# About this task
The data below should be copied out exactly, with its pictures omitted.

# Excerpted records

• • • • • • •

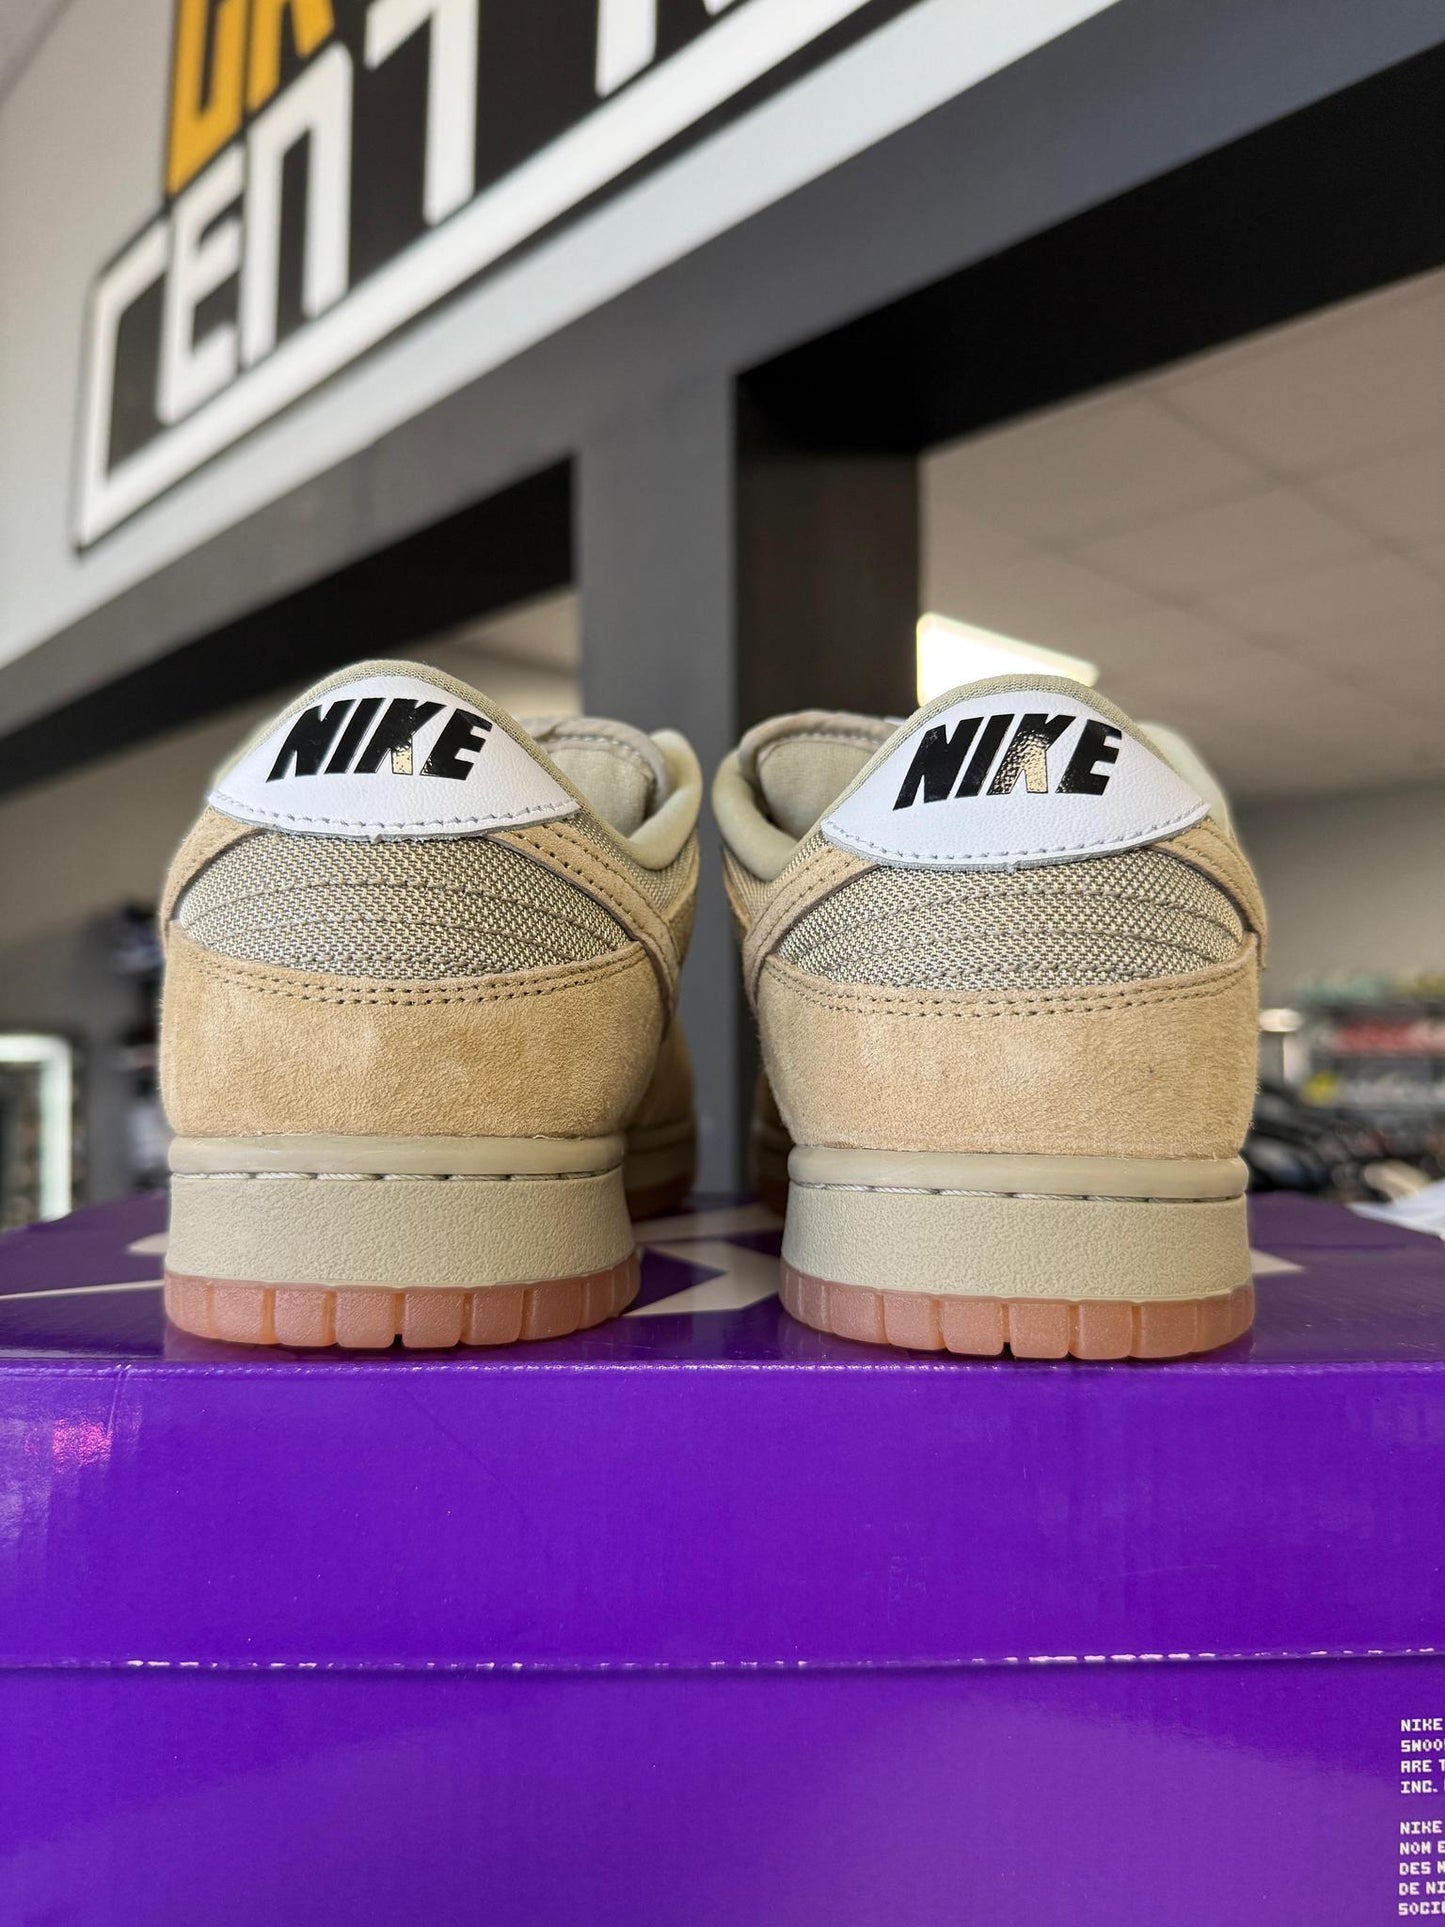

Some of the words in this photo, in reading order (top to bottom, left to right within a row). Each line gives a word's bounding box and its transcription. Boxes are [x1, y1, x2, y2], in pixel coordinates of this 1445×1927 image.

[266, 697, 493, 782] NIKE
[893, 713, 1122, 811] NIKE
[1401, 1718, 1443, 1732] NIKE
[1401, 1738, 1445, 1753] SWOO
[1401, 1760, 1432, 1773] ARE
[1401, 1780, 1438, 1794] INC.
[1400, 1820, 1443, 1835] NIKE
[1400, 1841, 1431, 1856] NOM
[1399, 1861, 1431, 1876] DES
[1399, 1882, 1420, 1896] DE

• • • • • • •

# Finished task
Some of the words in this photo, in reading order (top to bottom, left to right within a row). Each line gives a word's bounding box and its transcription. Boxes are [x1, y1, x2, y2], in pixel coordinates of this 1445×1927 image.

[266, 697, 493, 782] NIKE
[893, 713, 1122, 811] NIKE
[1401, 1718, 1443, 1732] NIKE
[1401, 1738, 1445, 1753] SWOO
[1401, 1760, 1432, 1773] ARE
[1401, 1780, 1438, 1794] INC.
[1400, 1820, 1443, 1835] NIKE
[1400, 1841, 1431, 1856] NOM
[1399, 1861, 1431, 1876] DES
[1399, 1882, 1420, 1896] DE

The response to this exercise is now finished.